AHA Calls for Action to Reduce Inappropriate Prior Authorization and Payment Delays

The American Hospital Association (AHA) has released a new report highlighting the burden of certain payer policies and practices that contribute to delays in patient care and place undue burdens on both patients and health care providers, while adding unnecessary costs to the system. The report offers policy solutions to reduce the risk and burden of these practices while still enabling health insurance plans to compete on quality, benefit package design, provider networks and other important aspects of coverage.

According to the AHA, some insurers—including those that serve the individual and group markets, the Medicare Advantage program and Medicaid programs—are increasingly implementing practices that create barriers to appropriate care and reimbursement.
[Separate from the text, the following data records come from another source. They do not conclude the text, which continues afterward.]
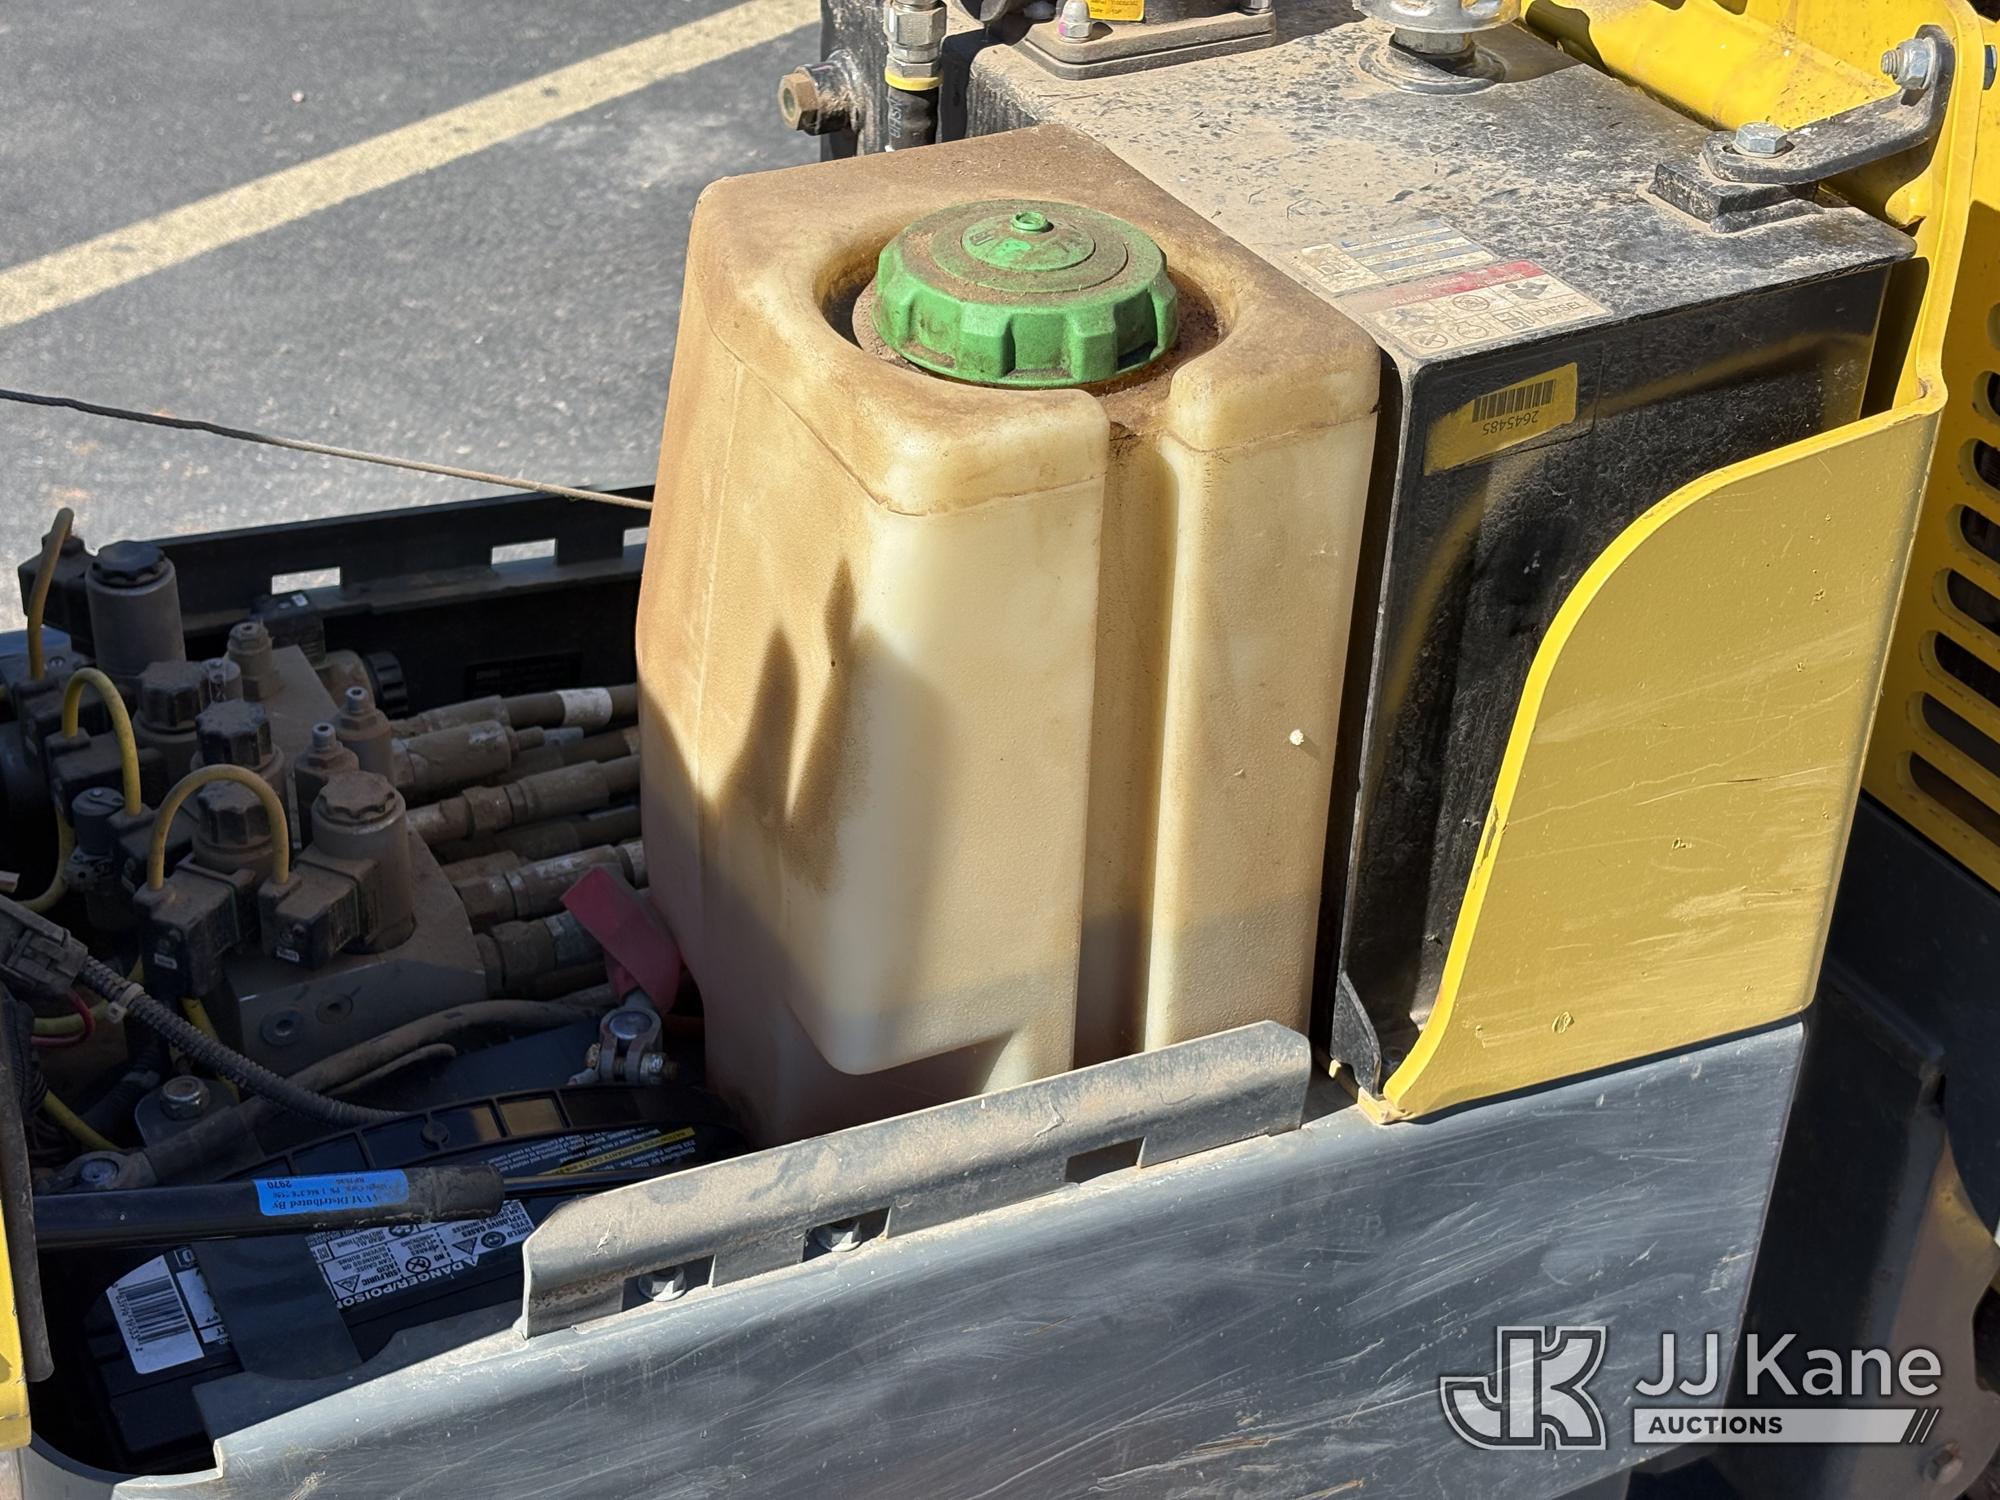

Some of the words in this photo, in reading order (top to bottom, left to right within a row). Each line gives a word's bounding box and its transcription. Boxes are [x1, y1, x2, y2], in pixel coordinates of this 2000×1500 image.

[1535, 302, 1587, 317] DIESEL
[1482, 410, 1539, 436] 2645485
[266, 1180, 292, 1189] 2970
[272, 1200, 285, 1210] By
[290, 1196, 349, 1209] Distributed
[489, 1213, 526, 1230] EXPLOSIVE
[462, 1226, 486, 1237] GASES
[507, 1227, 532, 1238] SHIELD
[433, 1254, 446, 1262] NO
[377, 1264, 395, 1273] ACID
[362, 1270, 398, 1285] SULFURIC
Such barriers include improper use of utilization management programs, inappropriate denial of medically necessary covered services, overly restrictive medical necessity criteria that are not transparent to patients or providers, unnecessary and unreasonable documentation requirements and mid-contract changes to patients’ coverage.

In addition to delaying patient care, AHA says these kinds of practices contribute to clinician burnout and significantly drive-up administrative costs for the health care system. The American Medical Association has also reported on the patient impacts and administrative burden of prior authorizations, noting that 88% of physicians they surveyed describe the burden associated with prior authorization as high or extremely high. AHA notes that much of this effort and cost is unnecessary. For example, among some insurers, most of the appealed prior authorization denials are ultimately overturned.
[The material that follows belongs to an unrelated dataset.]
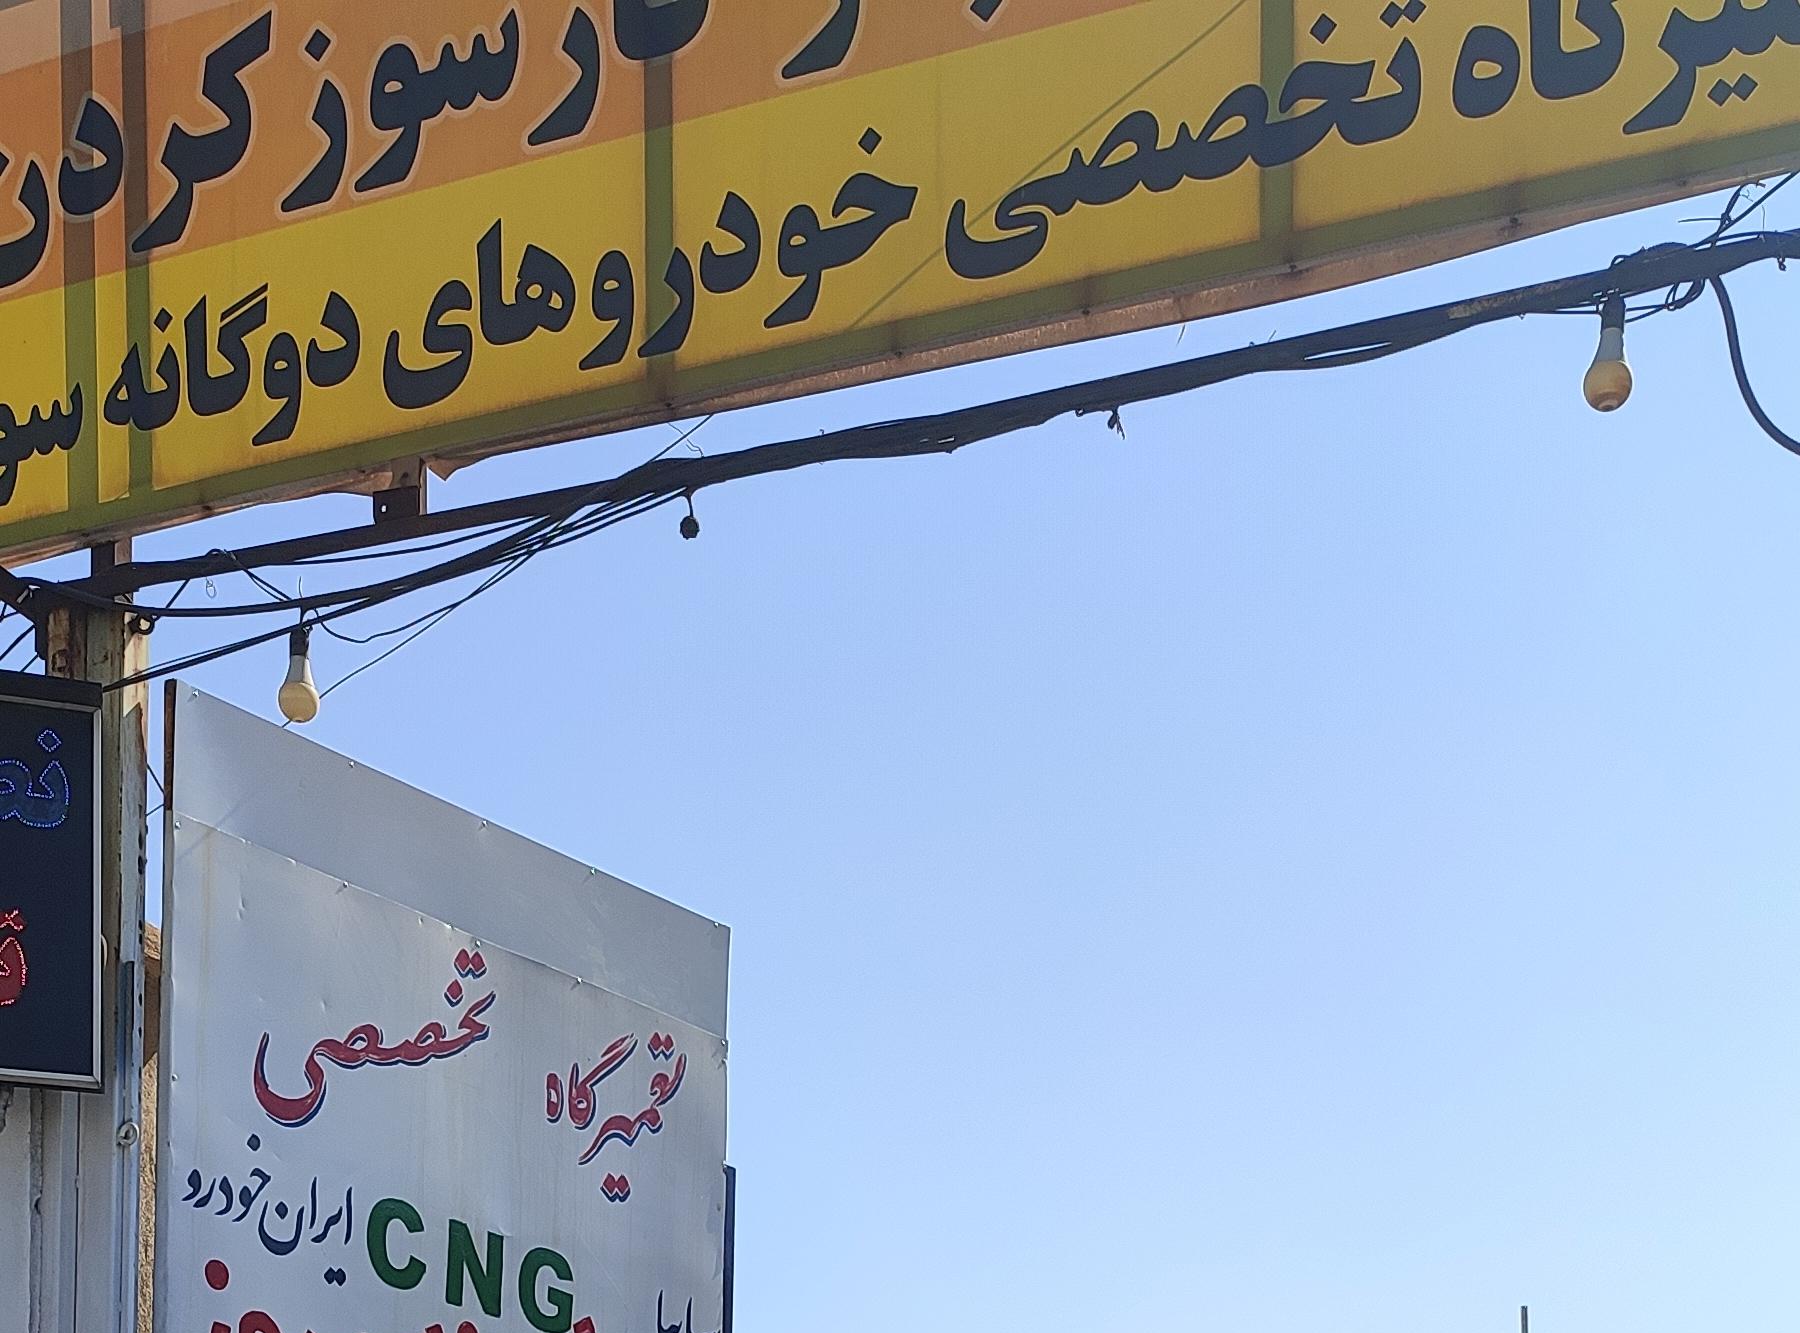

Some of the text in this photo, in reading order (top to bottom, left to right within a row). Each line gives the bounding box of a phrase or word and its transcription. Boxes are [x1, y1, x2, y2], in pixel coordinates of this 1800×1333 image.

The report cites several examples of the cost of these practices to hospitals including more than $6 billion in delayed or potentially unpaid claims over six months old among 772 surveyed hospitals.
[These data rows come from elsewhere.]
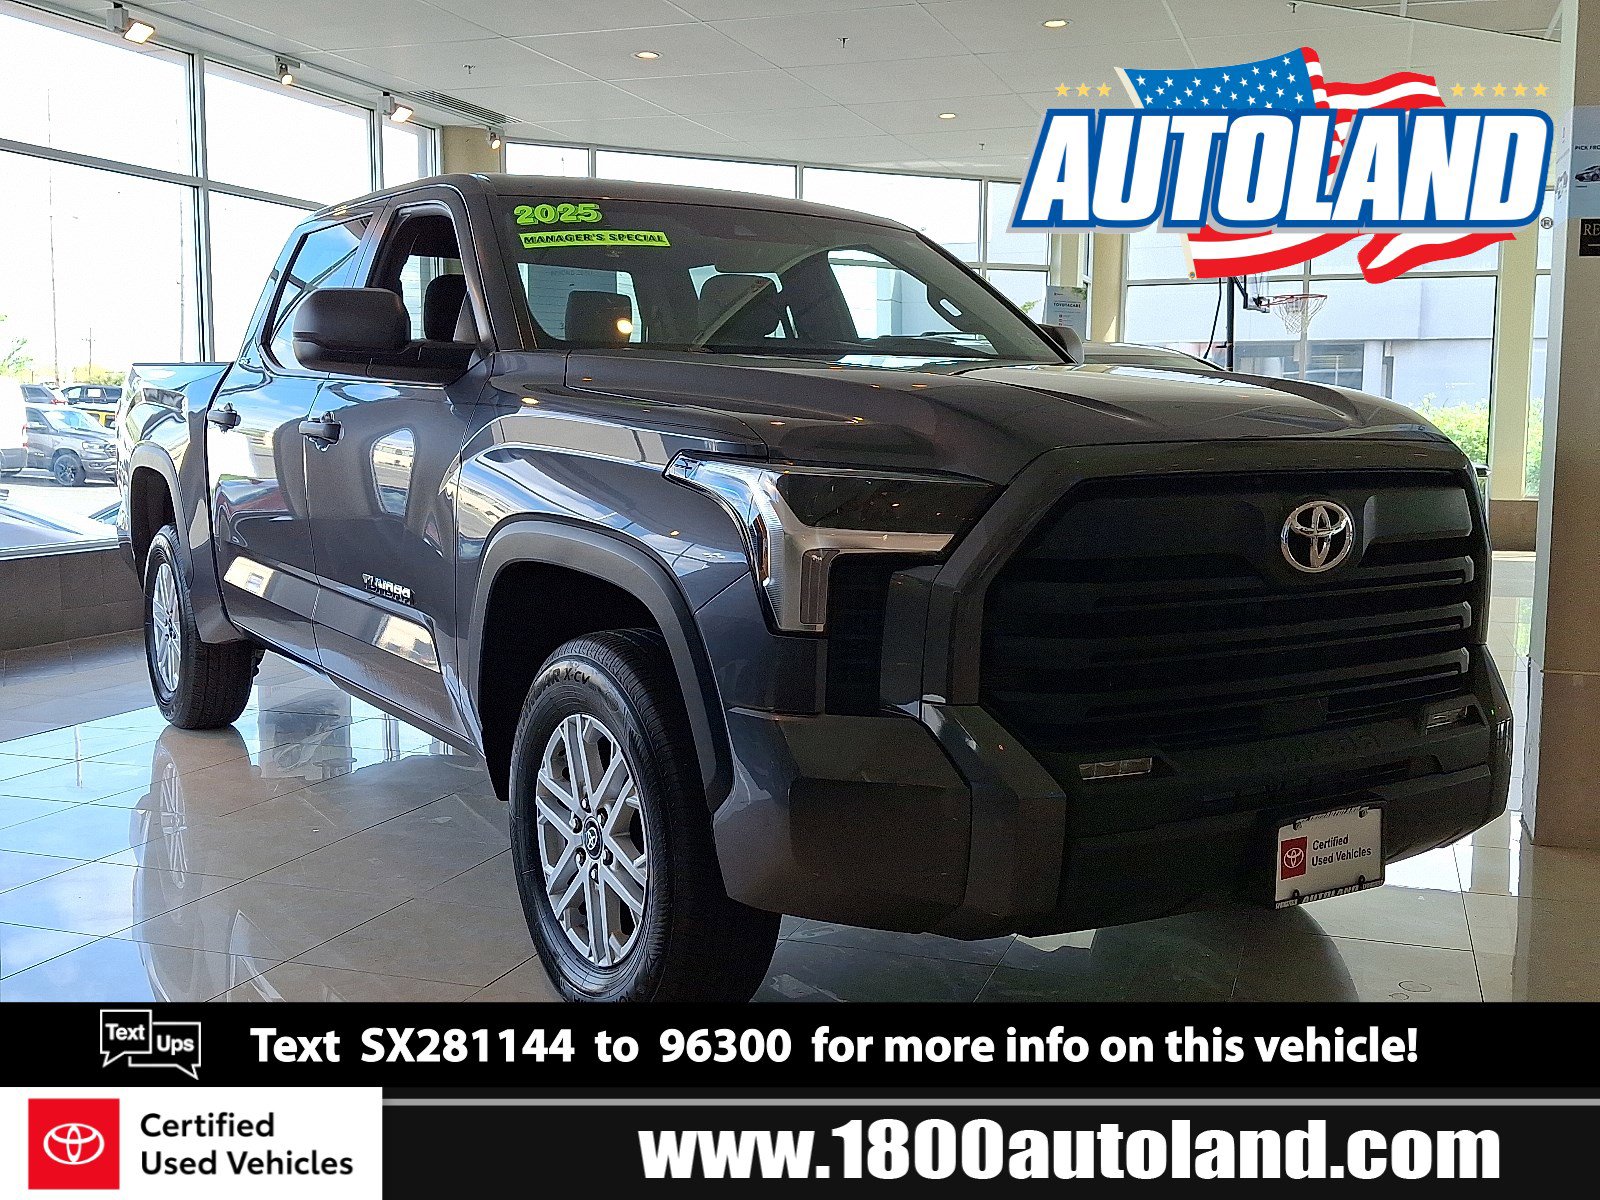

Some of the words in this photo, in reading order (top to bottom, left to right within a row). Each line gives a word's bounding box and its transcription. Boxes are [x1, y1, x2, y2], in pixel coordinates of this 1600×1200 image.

[514, 203, 602, 225] 2025
[523, 233, 604, 245] MANAGER'S
[608, 233, 665, 243] SPECIAL
[1312, 834, 1349, 850] Certified
[1311, 853, 1334, 866] Used
[1336, 847, 1372, 862] Vehicles
To address the administrative and cost burdens, AHA recommends taking action to standardize prior authorization requirements and processes. AHA also calls on government agencies to ensure necessary oversight to stop inappropriate prior authorization and payment delays and denials. This includes improving collection of key performance metrics, applying financial penalties for inappropriate delays and denials, and ensuring adequate provider networks.